● **ASSIGNMENT**
Pictures must be kept out of the copy. Every entry is to be duplicated exactly.
--- RECORD EXCERPTS ---
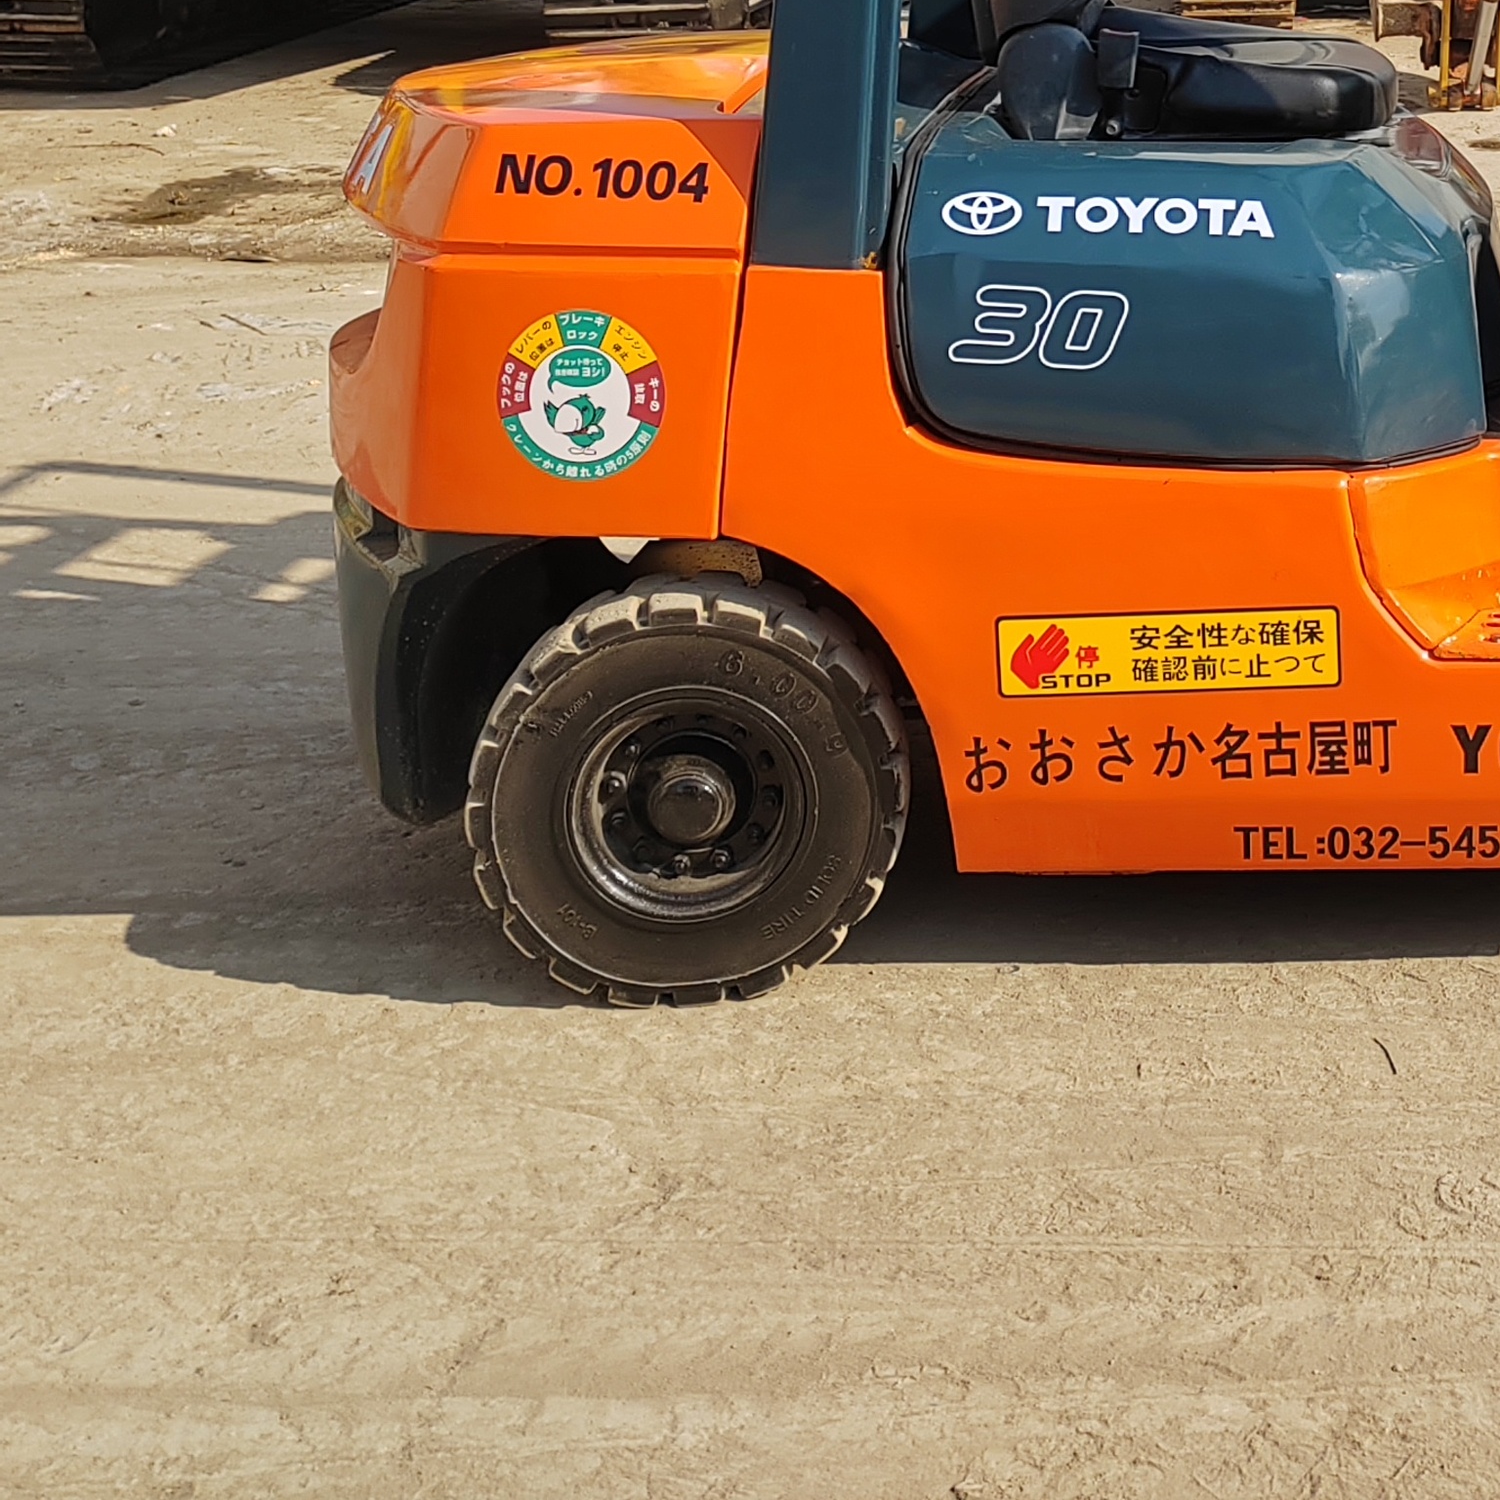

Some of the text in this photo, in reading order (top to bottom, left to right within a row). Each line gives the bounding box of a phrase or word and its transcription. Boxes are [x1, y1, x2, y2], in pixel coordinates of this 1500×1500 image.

[1037, 196, 1275, 238] TOYOTA
[948, 284, 1130, 370] 30
[1130, 619, 1325, 650] 安全性な確保
[1075, 645, 1099, 669] 停
[1041, 673, 1111, 690] STOP
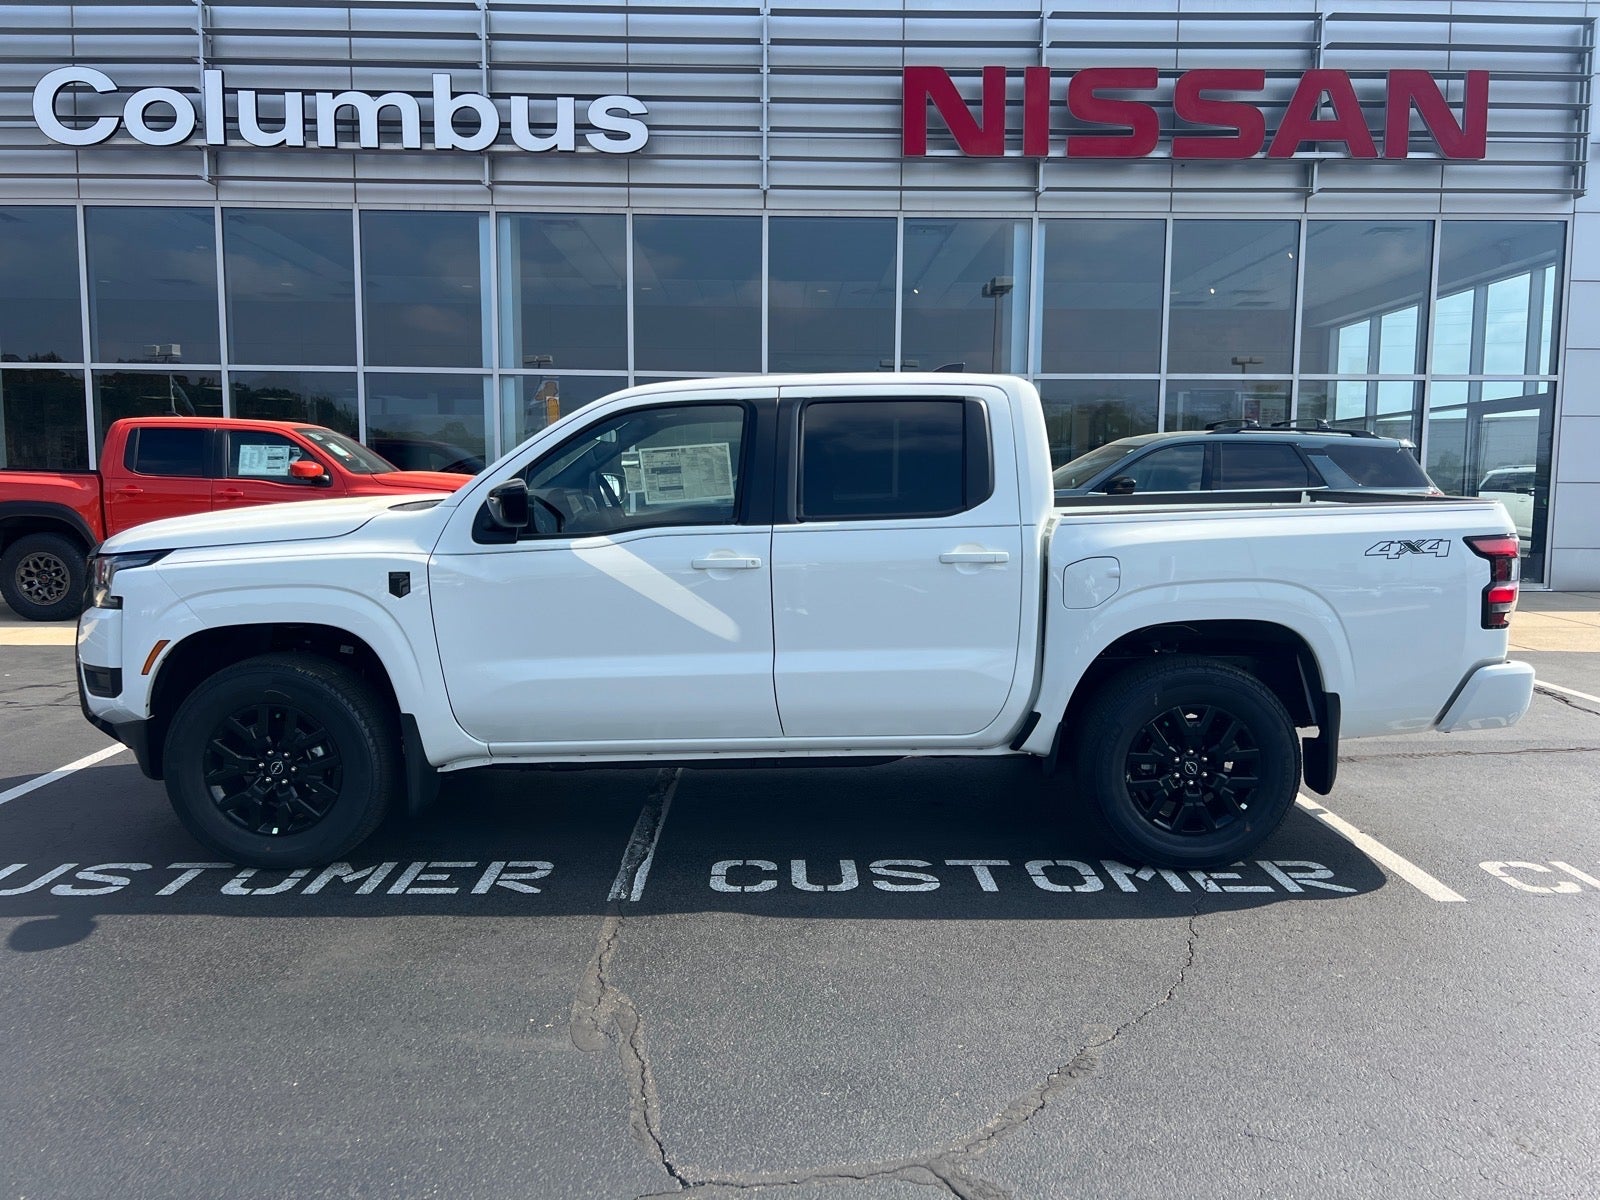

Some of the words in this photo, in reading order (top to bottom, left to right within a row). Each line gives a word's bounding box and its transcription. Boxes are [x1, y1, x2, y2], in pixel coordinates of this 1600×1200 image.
---
● **WRITTEN ANSWER**
Some of the text in this photo, in reading order (top to bottom, left to right within a row). Each line gives the bounding box of a phrase or word and its transcription. Boxes are [x1, y1, x2, y2], in pixel coordinates of this 1500×1500 image.

[1037, 196, 1275, 238] TOYOTA
[948, 284, 1130, 370] 30
[1130, 619, 1325, 650] 安全性な確保
[1075, 645, 1099, 669] 停
[1041, 673, 1111, 690] STOP

Some of the words in this photo, in reading order (top to bottom, left to right within a row). Each line gives a word's bounding box and its transcription. Boxes are [x1, y1, x2, y2], in pixel coordinates of this 1600×1200 image.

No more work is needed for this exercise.